**TASK PROMPT:** Every entry below should be written out exactly, and no image should appear.

-- -- --

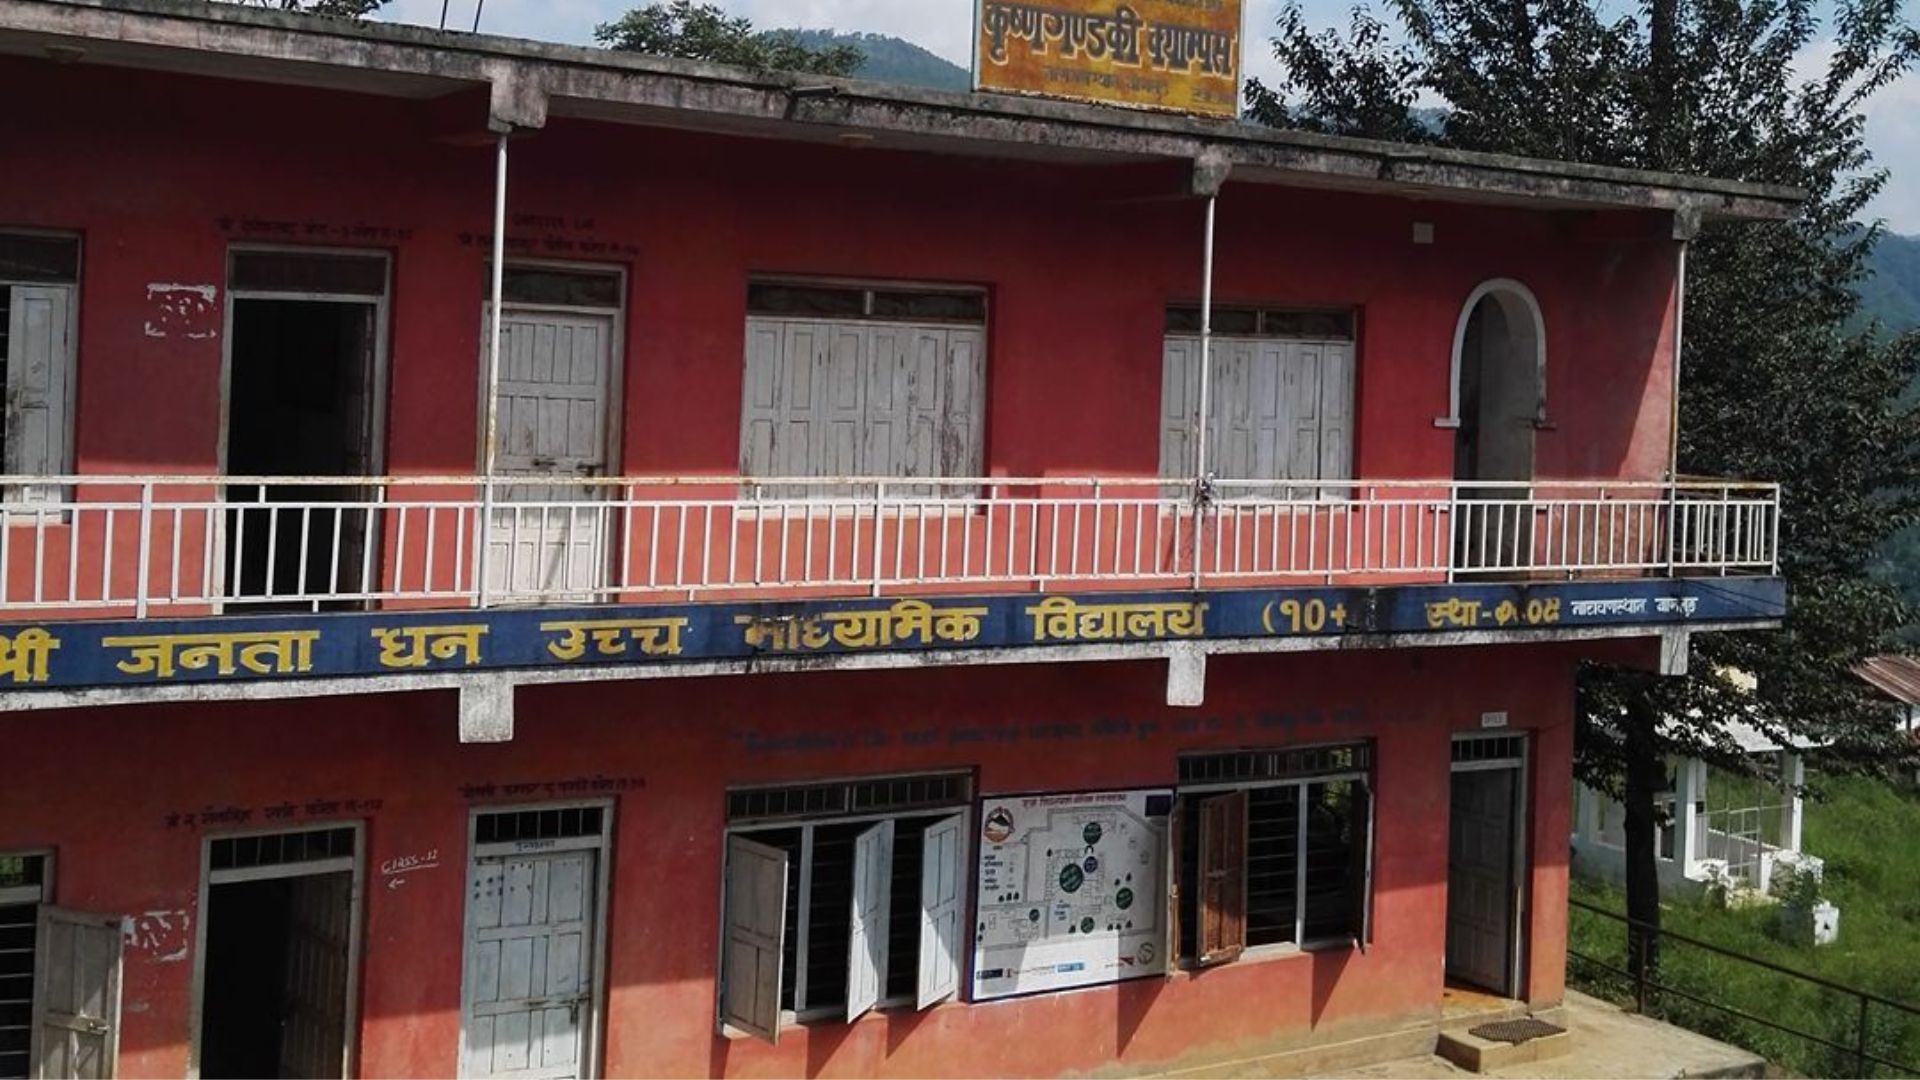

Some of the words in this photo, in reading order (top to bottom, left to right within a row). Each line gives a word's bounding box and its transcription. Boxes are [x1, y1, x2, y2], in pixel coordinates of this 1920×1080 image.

[102, 630, 320, 677] जनता
[371, 624, 489, 667] धन
[540, 617, 688, 660] उच्च
[1025, 596, 1209, 640] विद्यालय
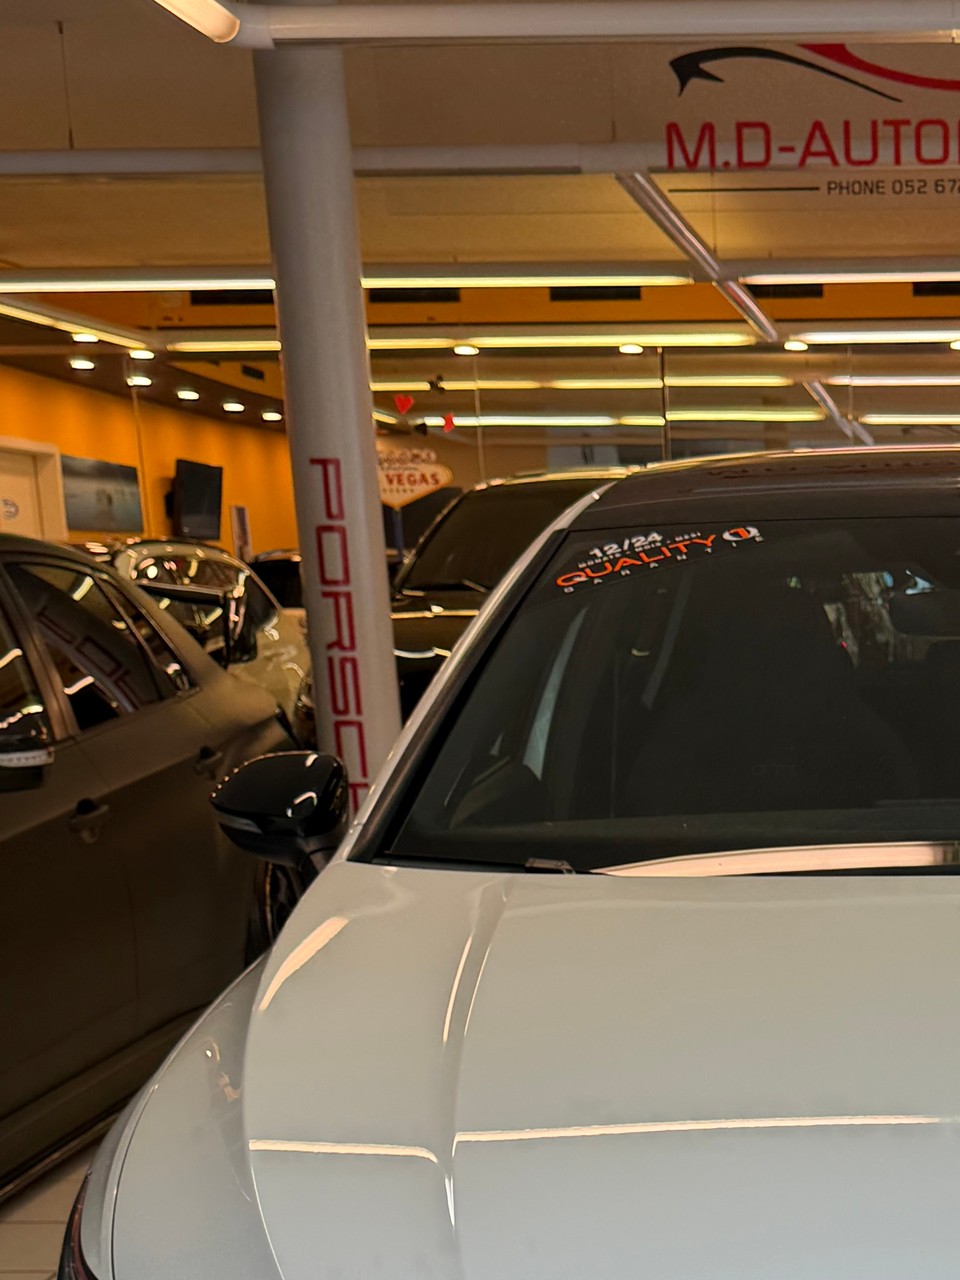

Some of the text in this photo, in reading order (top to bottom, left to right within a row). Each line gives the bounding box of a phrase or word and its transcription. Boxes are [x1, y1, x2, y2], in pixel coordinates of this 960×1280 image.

[827, 180, 885, 195] PHONE
[892, 179, 927, 194] 052
[385, 472, 440, 486] VEGAS
[589, 531, 664, 558] 12/24
[556, 534, 717, 587] QUALITY
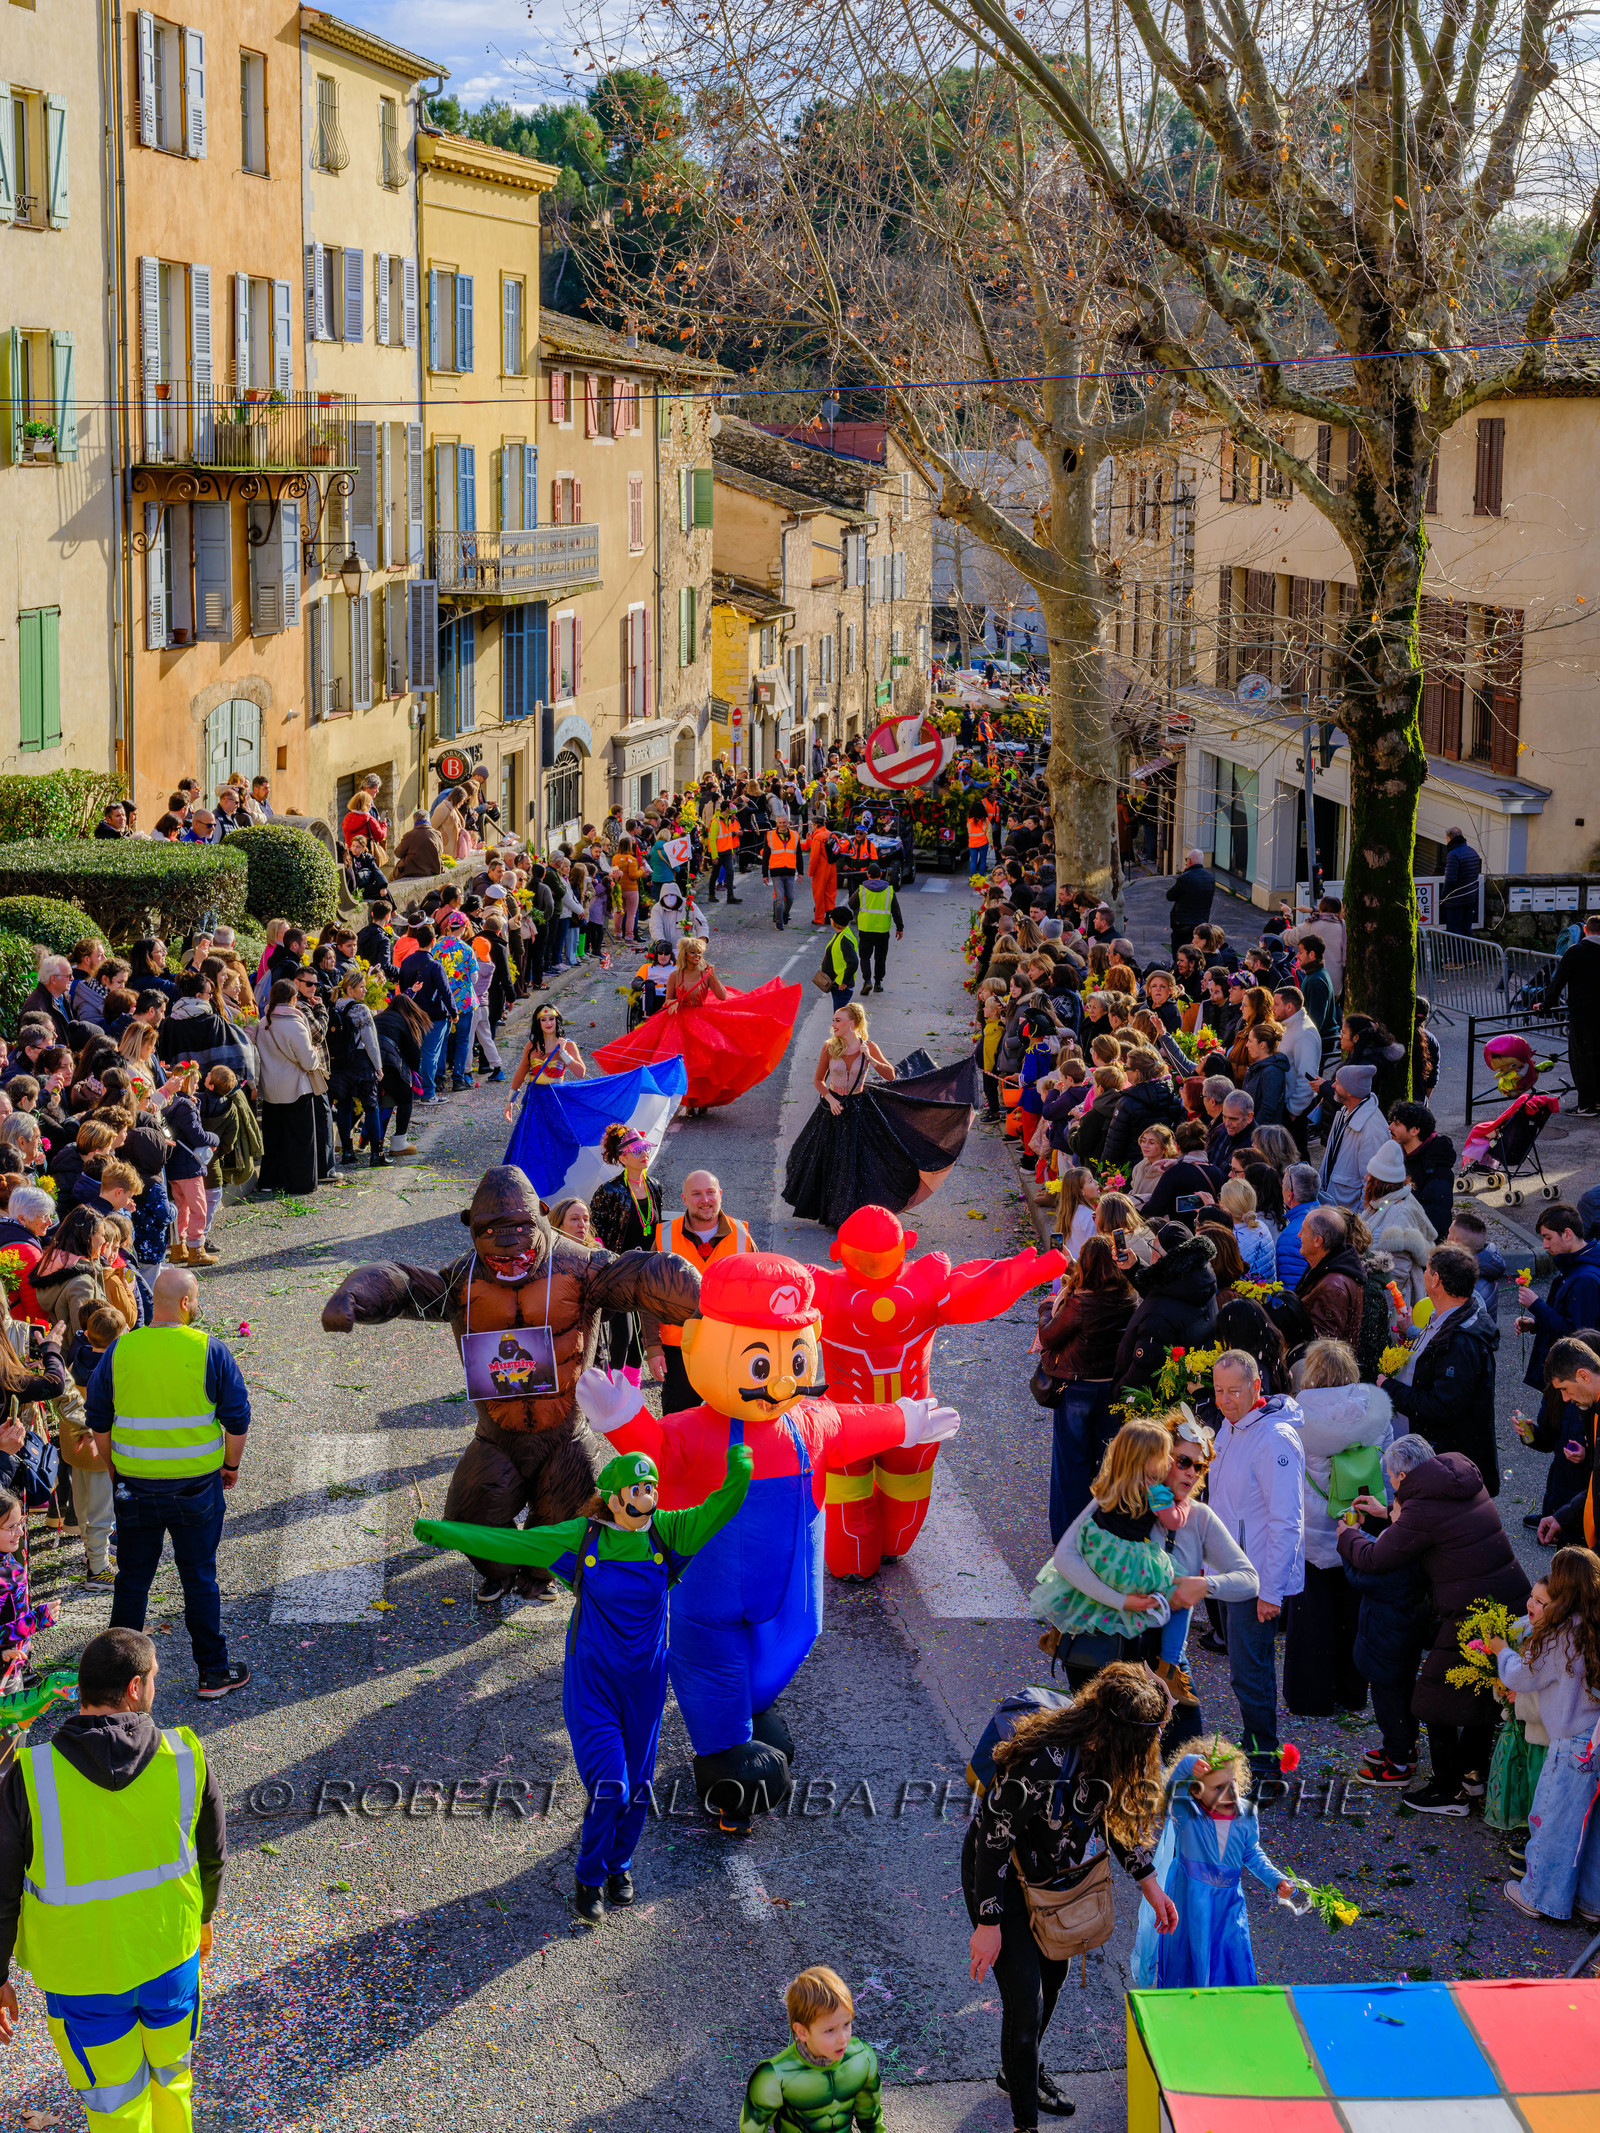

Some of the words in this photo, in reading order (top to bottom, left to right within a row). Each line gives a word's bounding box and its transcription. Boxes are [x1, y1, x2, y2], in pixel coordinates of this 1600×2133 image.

[441, 750, 465, 760] BARNES
[447, 759, 460, 776] B
[943, 829, 950, 838] 4
[1415, 887, 1428, 895] TO
[1416, 896, 1429, 904] TO
[770, 1289, 799, 1311] M
[487, 1358, 537, 1373] Murphy
[638, 1463, 647, 1475] L

-- -- --

**REPLY TO THE EXERCISE:**
Some of the words in this photo, in reading order (top to bottom, left to right within a row). Each line gives a word's bounding box and its transcription. Boxes are [x1, y1, x2, y2], in pixel coordinates of this 1920×1080 image.

[102, 630, 320, 677] जनता
[371, 624, 489, 667] धन
[540, 617, 688, 660] उच्च
[1025, 596, 1209, 640] विद्यालय

Some of the text in this photo, in reading order (top to bottom, left to right within a row). Each line gives the bounding box of a phrase or word and its transcription. Boxes are [x1, y1, x2, y2], in pixel coordinates of this 960×1280 image.

[827, 180, 885, 195] PHONE
[892, 179, 927, 194] 052
[385, 472, 440, 486] VEGAS
[589, 531, 664, 558] 12/24
[556, 534, 717, 587] QUALITY

Some of the words in this photo, in reading order (top to bottom, left to right within a row). Each line gives a word's bounding box and its transcription. Boxes are [x1, y1, x2, y2], in pixel coordinates of this 1600×2133 image.

[441, 750, 465, 760] BARNES
[447, 759, 460, 776] B
[943, 829, 950, 838] 4
[1415, 887, 1428, 895] TO
[1416, 896, 1429, 904] TO
[770, 1289, 799, 1311] M
[487, 1358, 537, 1373] Murphy
[638, 1463, 647, 1475] L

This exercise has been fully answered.